Excerpts from a dataset
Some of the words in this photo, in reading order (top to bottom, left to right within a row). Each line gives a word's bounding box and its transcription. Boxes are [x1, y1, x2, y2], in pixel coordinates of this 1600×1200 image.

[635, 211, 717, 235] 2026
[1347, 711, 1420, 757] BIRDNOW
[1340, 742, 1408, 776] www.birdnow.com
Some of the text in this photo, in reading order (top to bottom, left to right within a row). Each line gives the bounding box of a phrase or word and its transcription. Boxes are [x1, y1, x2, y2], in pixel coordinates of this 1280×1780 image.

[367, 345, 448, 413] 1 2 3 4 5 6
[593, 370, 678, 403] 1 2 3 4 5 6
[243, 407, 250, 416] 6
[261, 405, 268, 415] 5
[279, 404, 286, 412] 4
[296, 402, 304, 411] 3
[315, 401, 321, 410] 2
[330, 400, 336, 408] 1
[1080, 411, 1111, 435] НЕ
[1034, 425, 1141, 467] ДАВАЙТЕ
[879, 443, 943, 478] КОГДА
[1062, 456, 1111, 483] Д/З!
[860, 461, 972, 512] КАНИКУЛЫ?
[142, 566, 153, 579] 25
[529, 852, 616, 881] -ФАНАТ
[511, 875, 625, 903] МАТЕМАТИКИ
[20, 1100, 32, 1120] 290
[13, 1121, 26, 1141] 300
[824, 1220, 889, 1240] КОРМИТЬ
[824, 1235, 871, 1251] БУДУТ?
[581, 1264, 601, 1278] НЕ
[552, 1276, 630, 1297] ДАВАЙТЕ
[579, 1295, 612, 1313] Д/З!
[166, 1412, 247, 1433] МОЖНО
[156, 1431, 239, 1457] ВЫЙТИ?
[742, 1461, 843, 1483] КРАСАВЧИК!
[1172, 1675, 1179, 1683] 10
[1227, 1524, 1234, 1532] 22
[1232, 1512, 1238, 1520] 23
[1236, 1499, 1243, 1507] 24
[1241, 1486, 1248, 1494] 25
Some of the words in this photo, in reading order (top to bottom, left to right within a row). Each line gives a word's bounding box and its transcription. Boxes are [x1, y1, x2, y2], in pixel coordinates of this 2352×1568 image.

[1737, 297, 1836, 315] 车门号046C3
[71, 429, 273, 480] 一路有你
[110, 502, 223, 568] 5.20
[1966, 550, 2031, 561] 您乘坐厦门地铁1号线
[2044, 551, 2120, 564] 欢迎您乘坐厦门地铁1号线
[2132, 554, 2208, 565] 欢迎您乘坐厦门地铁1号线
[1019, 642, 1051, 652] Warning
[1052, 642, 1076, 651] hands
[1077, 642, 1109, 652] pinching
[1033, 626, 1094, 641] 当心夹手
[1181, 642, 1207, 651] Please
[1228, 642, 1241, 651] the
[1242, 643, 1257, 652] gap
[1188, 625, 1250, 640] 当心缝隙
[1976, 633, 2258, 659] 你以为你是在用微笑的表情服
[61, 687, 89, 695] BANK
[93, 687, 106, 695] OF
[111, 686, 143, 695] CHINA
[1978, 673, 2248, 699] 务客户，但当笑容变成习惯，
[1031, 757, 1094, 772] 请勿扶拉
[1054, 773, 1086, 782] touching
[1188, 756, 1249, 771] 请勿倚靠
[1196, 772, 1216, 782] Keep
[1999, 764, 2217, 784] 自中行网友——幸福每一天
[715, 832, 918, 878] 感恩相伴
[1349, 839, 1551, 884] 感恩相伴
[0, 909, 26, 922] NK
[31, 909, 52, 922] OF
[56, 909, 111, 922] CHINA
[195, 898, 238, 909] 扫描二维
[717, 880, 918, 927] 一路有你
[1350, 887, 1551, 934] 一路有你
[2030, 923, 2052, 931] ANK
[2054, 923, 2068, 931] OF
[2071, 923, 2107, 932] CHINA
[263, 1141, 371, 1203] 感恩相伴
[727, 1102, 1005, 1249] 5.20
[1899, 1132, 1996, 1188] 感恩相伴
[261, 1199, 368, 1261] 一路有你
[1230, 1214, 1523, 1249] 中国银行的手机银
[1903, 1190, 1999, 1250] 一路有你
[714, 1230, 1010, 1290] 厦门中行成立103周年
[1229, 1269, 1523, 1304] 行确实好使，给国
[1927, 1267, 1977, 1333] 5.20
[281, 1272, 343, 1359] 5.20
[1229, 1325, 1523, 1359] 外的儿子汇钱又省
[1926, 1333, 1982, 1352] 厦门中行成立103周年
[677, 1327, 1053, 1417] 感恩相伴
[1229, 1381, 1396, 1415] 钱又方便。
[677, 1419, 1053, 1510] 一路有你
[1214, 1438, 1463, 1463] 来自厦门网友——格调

Exercise instructions:
Send back every entry precisely as given.

Answer box:
Some of the words in this photo, in reading order (top to bottom, left to right within a row). Each line gives a word's bounding box and its transcription. Boxes are [x1, y1, x2, y2], in pixel coordinates of this 1600×1200 image.

[635, 211, 717, 235] 2026
[1347, 711, 1420, 757] BIRDNOW
[1340, 742, 1408, 776] www.birdnow.com
Some of the text in this photo, in reading order (top to bottom, left to right within a row). Each line gives the bounding box of a phrase or word and its transcription. Boxes are [x1, y1, x2, y2], in pixel coordinates of this 1280×1780 image.

[367, 345, 448, 413] 1 2 3 4 5 6
[593, 370, 678, 403] 1 2 3 4 5 6
[243, 407, 250, 416] 6
[261, 405, 268, 415] 5
[279, 404, 286, 412] 4
[296, 402, 304, 411] 3
[315, 401, 321, 410] 2
[330, 400, 336, 408] 1
[1080, 411, 1111, 435] НЕ
[1034, 425, 1141, 467] ДАВАЙТЕ
[879, 443, 943, 478] КОГДА
[1062, 456, 1111, 483] Д/З!
[860, 461, 972, 512] КАНИКУЛЫ?
[142, 566, 153, 579] 25
[529, 852, 616, 881] -ФАНАТ
[511, 875, 625, 903] МАТЕМАТИКИ
[20, 1100, 32, 1120] 290
[13, 1121, 26, 1141] 300
[824, 1220, 889, 1240] КОРМИТЬ
[824, 1235, 871, 1251] БУДУТ?
[581, 1264, 601, 1278] НЕ
[552, 1276, 630, 1297] ДАВАЙТЕ
[579, 1295, 612, 1313] Д/З!
[166, 1412, 247, 1433] МОЖНО
[156, 1431, 239, 1457] ВЫЙТИ?
[742, 1461, 843, 1483] КРАСАВЧИК!
[1172, 1675, 1179, 1683] 10
[1227, 1524, 1234, 1532] 22
[1232, 1512, 1238, 1520] 23
[1236, 1499, 1243, 1507] 24
[1241, 1486, 1248, 1494] 25
Some of the words in this photo, in reading order (top to bottom, left to right within a row). Each line gives a word's bounding box and its transcription. Boxes are [x1, y1, x2, y2], in pixel coordinates of this 2352×1568 image.

[1737, 297, 1836, 315] 车门号046C3
[71, 429, 273, 480] 一路有你
[110, 502, 223, 568] 5.20
[1966, 550, 2031, 561] 您乘坐厦门地铁1号线
[2044, 551, 2120, 564] 欢迎您乘坐厦门地铁1号线
[2132, 554, 2208, 565] 欢迎您乘坐厦门地铁1号线
[1019, 642, 1051, 652] Warning
[1052, 642, 1076, 651] hands
[1077, 642, 1109, 652] pinching
[1033, 626, 1094, 641] 当心夹手
[1181, 642, 1207, 651] Please
[1228, 642, 1241, 651] the
[1242, 643, 1257, 652] gap
[1188, 625, 1250, 640] 当心缝隙
[1976, 633, 2258, 659] 你以为你是在用微笑的表情服
[61, 687, 89, 695] BANK
[93, 687, 106, 695] OF
[111, 686, 143, 695] CHINA
[1978, 673, 2248, 699] 务客户，但当笑容变成习惯，
[1031, 757, 1094, 772] 请勿扶拉
[1054, 773, 1086, 782] touching
[1188, 756, 1249, 771] 请勿倚靠
[1196, 772, 1216, 782] Keep
[1999, 764, 2217, 784] 自中行网友——幸福每一天
[715, 832, 918, 878] 感恩相伴
[1349, 839, 1551, 884] 感恩相伴
[0, 909, 26, 922] NK
[31, 909, 52, 922] OF
[56, 909, 111, 922] CHINA
[195, 898, 238, 909] 扫描二维
[717, 880, 918, 927] 一路有你
[1350, 887, 1551, 934] 一路有你
[2030, 923, 2052, 931] ANK
[2054, 923, 2068, 931] OF
[2071, 923, 2107, 932] CHINA
[263, 1141, 371, 1203] 感恩相伴
[727, 1102, 1005, 1249] 5.20
[1899, 1132, 1996, 1188] 感恩相伴
[261, 1199, 368, 1261] 一路有你
[1230, 1214, 1523, 1249] 中国银行的手机银
[1903, 1190, 1999, 1250] 一路有你
[714, 1230, 1010, 1290] 厦门中行成立103周年
[1229, 1269, 1523, 1304] 行确实好使，给国
[1927, 1267, 1977, 1333] 5.20
[281, 1272, 343, 1359] 5.20
[1229, 1325, 1523, 1359] 外的儿子汇钱又省
[1926, 1333, 1982, 1352] 厦门中行成立103周年
[677, 1327, 1053, 1417] 感恩相伴
[1229, 1381, 1396, 1415] 钱又方便。
[677, 1419, 1053, 1510] 一路有你
[1214, 1438, 1463, 1463] 来自厦门网友——格调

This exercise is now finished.